OBJECTIVE: The objective was to determine outcomes and risk factors of surgical management of patients with aortopulmonary window associated with interrupted aortic arch.
METHODS: From 1987 to 1997, 472 neonates with interrupted aortic arch were enrolled prospectively from 33 institutions. Associated aortopulmonary window was present in 20 patients. Competing risk methodology determined the prevalence of reintervention for postrepair pulmonary artery and aortic arch obstruction.
RESULTS: Interrupted aortic arch was type A in 17 patients and type B in 3 patients. Aortopulmonary window morphology was type I (n = 10), type II (n = 5), and type III (n = 5). Associated cardiovascular anomalies were common, including atrial septal defect (n = 13) and systemic venous anomalies (n = 3). Overall survival after initial admission was 91%, 86%, and 84% at 1, 5, and 10 years, respectively. Fifteen patients underwent single-stage repair, and 4 patients underwent staged repair. There was an increased prevalence of patch augmentation of the interrupted aortic arch anastomosis in lower-weight infants (2.3 kg vs 3.1 kg, P = .07). Competing risk analysis estimated that 5 years after repair, 51% had initial arch reintervention, 6% had initial pulmonary artery reintervention, and 43% were alive without reintervention. Reintervention for arch obstruction was more likely for those with interrupted aortic arch type B (P = .08) and for those with higher weight at initial repair (P = .003).

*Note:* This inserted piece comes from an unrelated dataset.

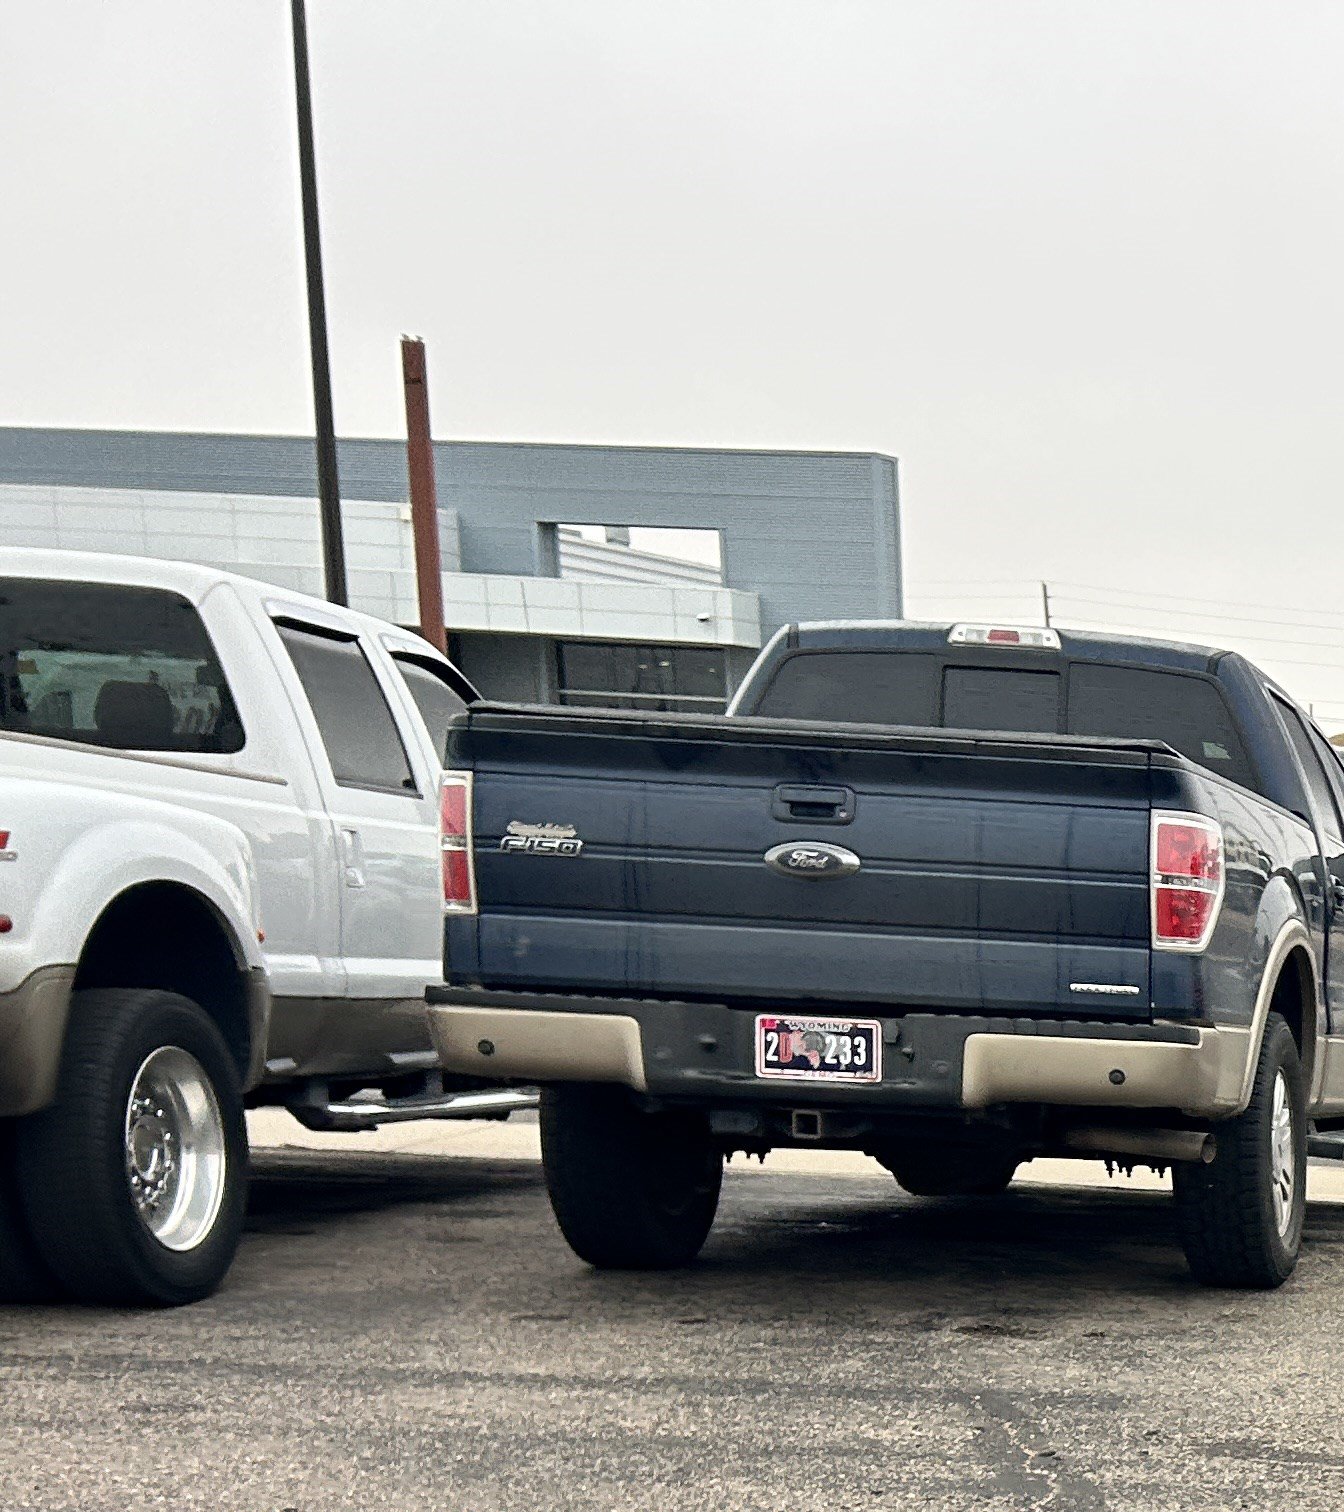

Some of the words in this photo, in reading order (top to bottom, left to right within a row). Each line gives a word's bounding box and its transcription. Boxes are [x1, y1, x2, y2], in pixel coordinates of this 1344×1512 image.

[788, 850, 829, 868] Ford
[787, 1019, 853, 1032] WYOMING
[824, 1034, 867, 1066] 233

CONCLUSIONS: Complete correction of aortopulmonary window in the setting of interrupted aortic arch can be performed with low mortality in the neonatal period. Reinterventions for aortic arch obstruction are the most frequent complication after repair, but pulmonary artery stenosis also occurs. Use of patch augmentation may reduce the need for subsequent arch reintervention.